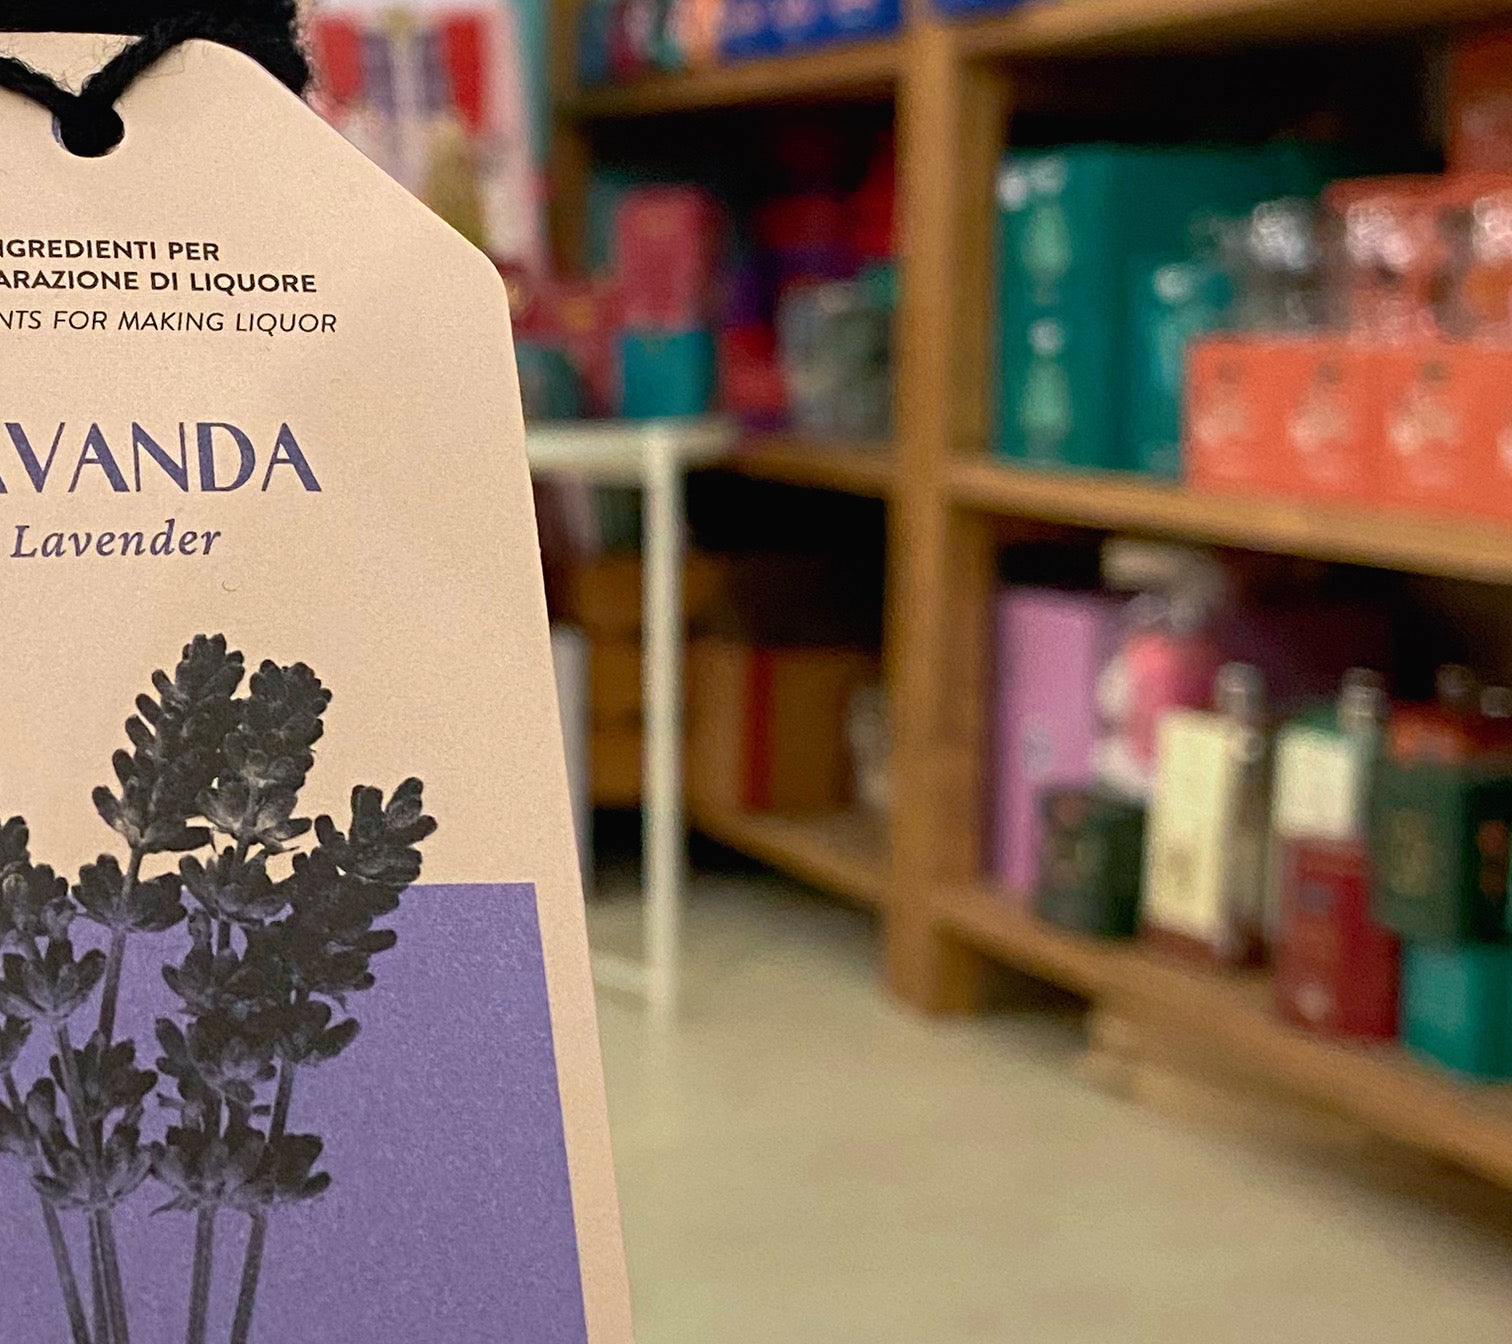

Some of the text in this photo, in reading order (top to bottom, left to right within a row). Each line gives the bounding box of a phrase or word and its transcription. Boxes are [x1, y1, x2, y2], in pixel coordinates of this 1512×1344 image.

[168, 241, 220, 262] PER
[150, 271, 178, 291] DI
[190, 272, 317, 297] LIQUORE
[53, 310, 108, 331] FOR
[117, 310, 225, 332] MAKING
[236, 312, 337, 337] LIQUOR
[9, 518, 222, 558] Lavender
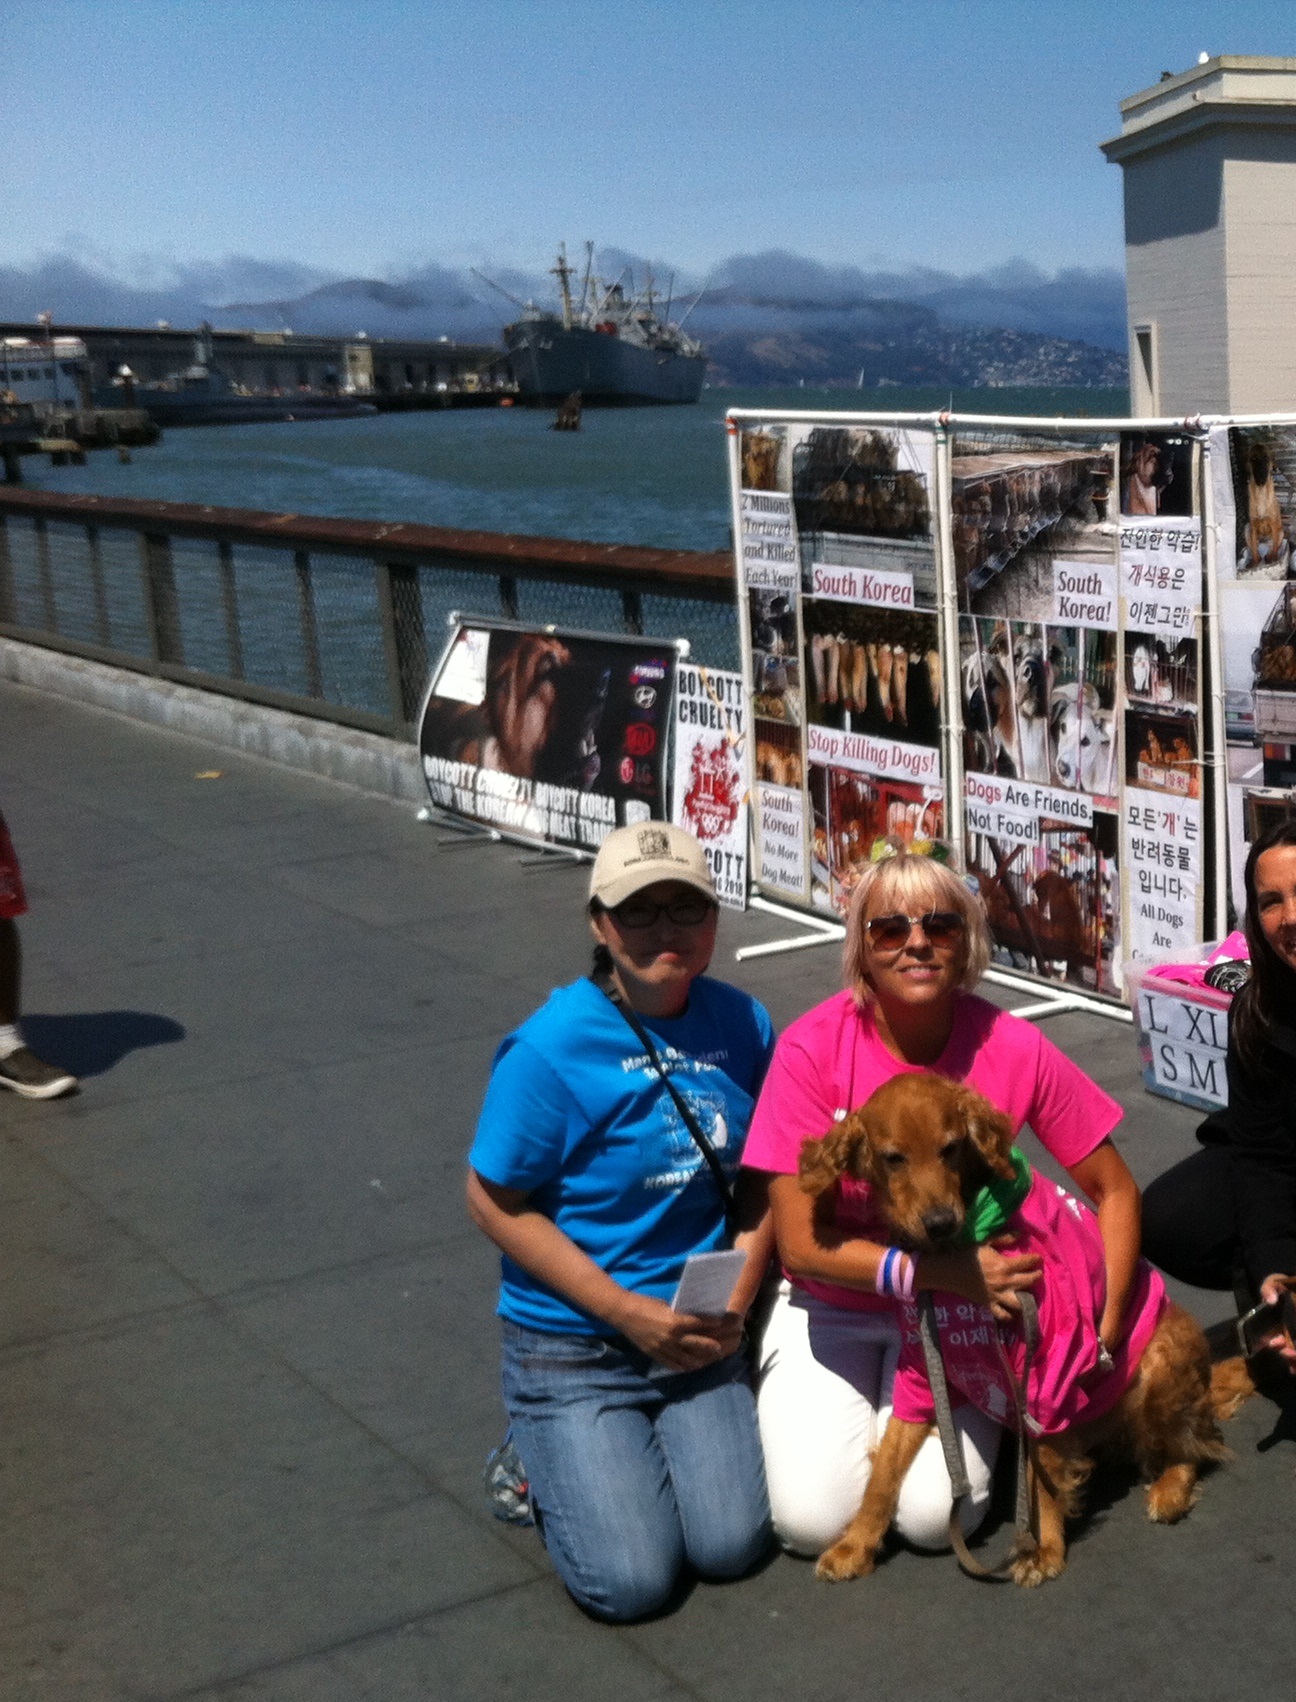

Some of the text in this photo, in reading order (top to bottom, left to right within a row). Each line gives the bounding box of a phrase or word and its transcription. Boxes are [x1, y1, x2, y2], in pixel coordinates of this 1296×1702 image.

[751, 495, 790, 513] Millions
[767, 543, 796, 561] Killed
[747, 568, 770, 583] Each
[814, 569, 912, 604] South Korea
[1058, 570, 1102, 596] South
[1059, 596, 1111, 623] Korea!
[679, 670, 743, 704] BOYCOTT
[679, 701, 743, 731] CRUELTY
[809, 729, 936, 776] Stop Killing Dogs!
[761, 791, 793, 813] South
[968, 778, 1093, 821] Dogs Are Friends.
[762, 813, 800, 838] Korea!
[969, 808, 1038, 840] Not Food!
[764, 839, 799, 862] No More
[1132, 838, 1191, 871] 반려동물
[762, 862, 803, 886] Dog Meat!
[1139, 870, 1187, 901] 입니다.
[1140, 904, 1184, 929] All Dogs
[1152, 931, 1172, 949] Are
[1144, 995, 1168, 1034] L
[1160, 1044, 1221, 1096] S M
··········
PROMPT
Once the pictures are removed, copy the listing exactly.

REPLY
Some of the text in this photo, in reading order (top to bottom, left to right within a row). Each line gives the bounding box of a phrase or word and its transcription. Boxes are [x1, y1, x2, y2], in pixel coordinates of this 1512×1344 image.

[168, 241, 220, 262] PER
[150, 271, 178, 291] DI
[190, 272, 317, 297] LIQUORE
[53, 310, 108, 331] FOR
[117, 310, 225, 332] MAKING
[236, 312, 337, 337] LIQUOR
[9, 518, 222, 558] Lavender

Some of the text in this photo, in reading order (top to bottom, left to right within a row). Each line gives the bounding box of a phrase or word and its transcription. Boxes are [x1, y1, x2, y2], in pixel coordinates of this 1296×1702 image.

[751, 495, 790, 513] Millions
[767, 543, 796, 561] Killed
[747, 568, 770, 583] Each
[814, 569, 912, 604] South Korea
[1058, 570, 1102, 596] South
[1059, 596, 1111, 623] Korea!
[679, 670, 743, 704] BOYCOTT
[679, 701, 743, 731] CRUELTY
[809, 729, 936, 776] Stop Killing Dogs!
[761, 791, 793, 813] South
[968, 778, 1093, 821] Dogs Are Friends.
[762, 813, 800, 838] Korea!
[969, 808, 1038, 840] Not Food!
[764, 839, 799, 862] No More
[1132, 838, 1191, 871] 반려동물
[762, 862, 803, 886] Dog Meat!
[1139, 870, 1187, 901] 입니다.
[1140, 904, 1184, 929] All Dogs
[1152, 931, 1172, 949] Are
[1144, 995, 1168, 1034] L
[1160, 1044, 1221, 1096] S M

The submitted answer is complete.